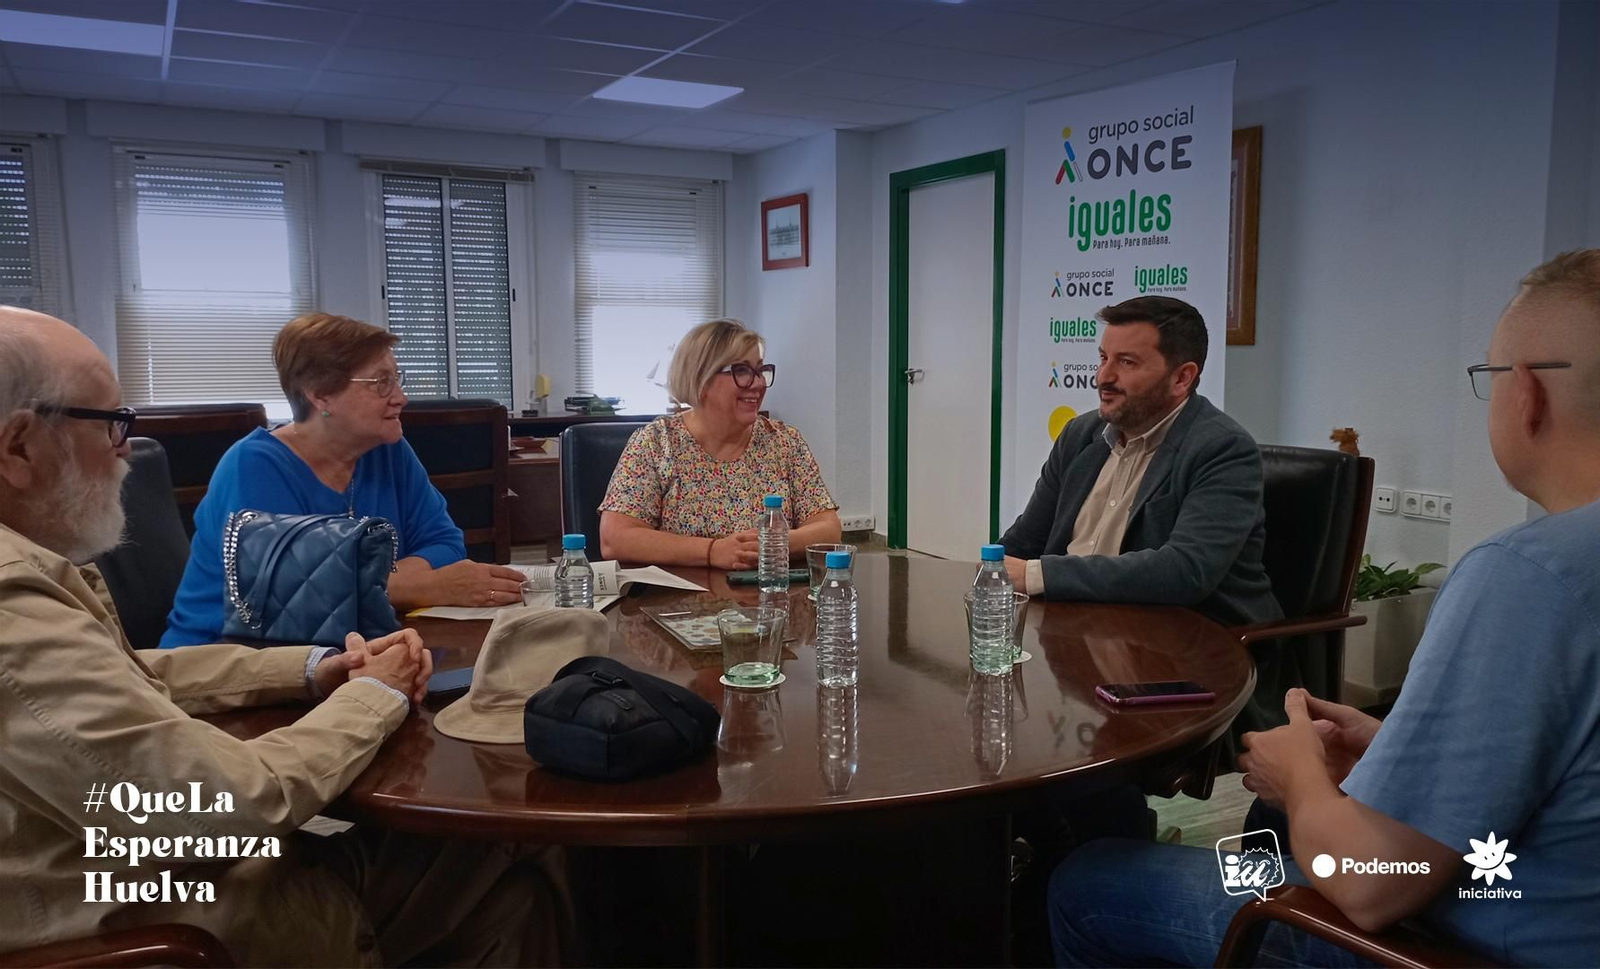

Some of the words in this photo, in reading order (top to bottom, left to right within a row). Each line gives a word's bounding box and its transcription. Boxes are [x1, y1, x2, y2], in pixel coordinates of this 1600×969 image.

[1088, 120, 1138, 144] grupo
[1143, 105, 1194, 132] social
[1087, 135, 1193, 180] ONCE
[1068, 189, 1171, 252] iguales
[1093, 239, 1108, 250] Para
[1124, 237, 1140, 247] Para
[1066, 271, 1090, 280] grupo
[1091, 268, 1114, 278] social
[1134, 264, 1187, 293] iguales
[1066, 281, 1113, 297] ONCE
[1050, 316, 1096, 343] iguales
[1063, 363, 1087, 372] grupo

::::::::

## REQUIRED ACTION
Output the listing unchanged, pictures excluded.

## WRITTEN RESPONSE
Some of the words in this photo, in reading order (top to bottom, left to right within a row). Each line gives a word's bounding box and its transcription. Boxes are [x1, y1, x2, y2], in pixel coordinates of this 1600×969 image.

[1088, 120, 1138, 144] grupo
[1143, 105, 1194, 132] social
[1087, 135, 1193, 180] ONCE
[1068, 189, 1171, 252] iguales
[1093, 239, 1108, 250] Para
[1124, 237, 1140, 247] Para
[1066, 271, 1090, 280] grupo
[1091, 268, 1114, 278] social
[1134, 264, 1187, 293] iguales
[1066, 281, 1113, 297] ONCE
[1050, 316, 1096, 343] iguales
[1063, 363, 1087, 372] grupo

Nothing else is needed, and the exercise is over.